Le logement parfait (2)

arthur-roubignolle

Le logement parfait (2)


J'ai toujours rêvé d'être architecte !

Aussi lorsque le gouvernement me proposa de prendre en charge le programme de reconstruction des logements suite à l'attaque nucléaire du Monténégro sur la France, j'acquiesçais tout de suite et me mis au travail...


Ne voulant pas faire n'importe quoi, j'étudiais tout d'abord les théories de Le Corbusier, ce grand précurseur du béton joyeux.

Je me penchais sur les œuvres des maîtres du Bauhaus. (Le beau Bauhaus qui plait tant aux bobos en hausse...)

J'examinais aussi soigneusement les réalisations audacieuses de Frank Llyod Wright et de Ieoh Ming Pei.


Mais tout ça me paraissait un peu suranné, un peu surfait, dépassé pour tout dire...

Ce n'étaient en fin de compte que des bétonneurs astucieux, du verre, du béton, du verre du béton, toujours la même chose, et de temps en temps du béton coloré pour changer...

Rien que du tape-à l'œil pour décrocher des commandes d'État...

Il fallait trouver quelque chose de radicalement différent, de complètement neuf...


Et là, j'eus une illumination, une géniale illumination...
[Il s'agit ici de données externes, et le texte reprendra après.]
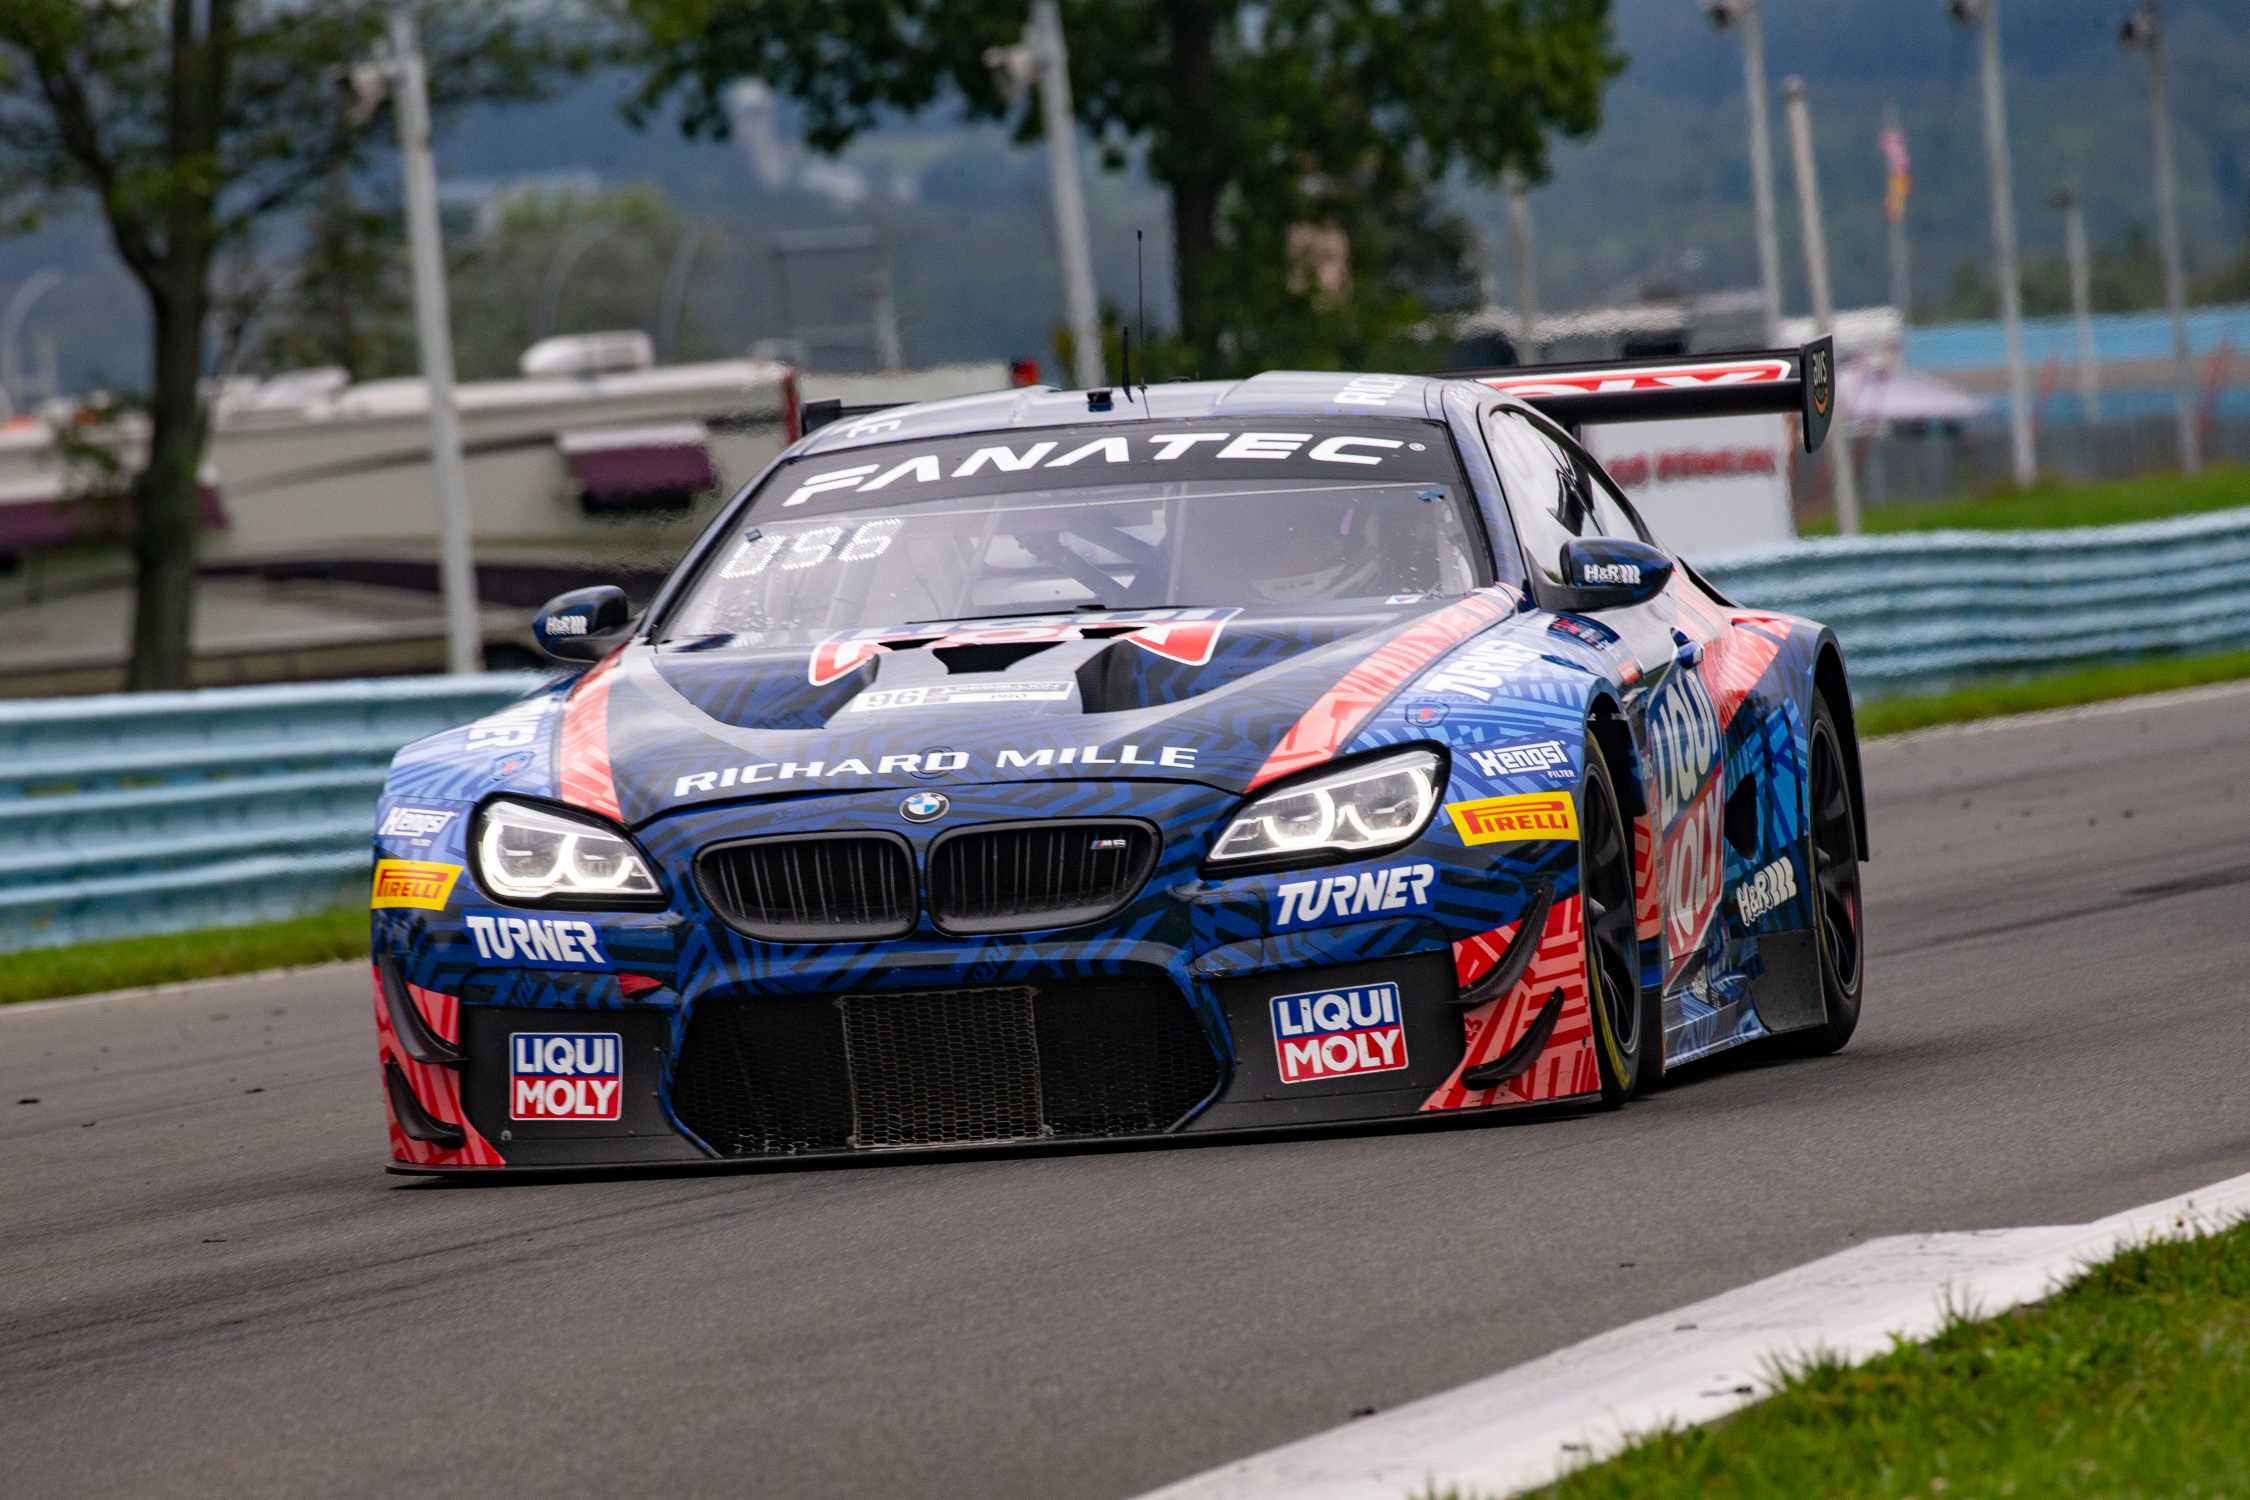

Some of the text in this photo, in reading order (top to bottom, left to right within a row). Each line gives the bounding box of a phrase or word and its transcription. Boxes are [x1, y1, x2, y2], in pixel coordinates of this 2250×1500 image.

Pourquoi construire « des » logements ?

Ne valait-il pas mieux, dans un souci d'économie, de rapidité d'exécution des travaux, ne construire qu'un seul logement ?


Oui, mon idée révolutionnaire c'était ça, ne construire qu'un seul et immense logement pour les quarante trois millions de français survivants...


Mon idée fut acceptée avec enthousiasme par le gouvernement, on me donna tous les crédits, tous les ingénieurs nécessaires.

J'avais carte blanche totale.


Et la construction de la plus massive et plus haute tour que le monde ait jamais connu commença...


Elle faisait cinquante kilomètres carré de base et s'élevait à cinq cent mètres de hauteur...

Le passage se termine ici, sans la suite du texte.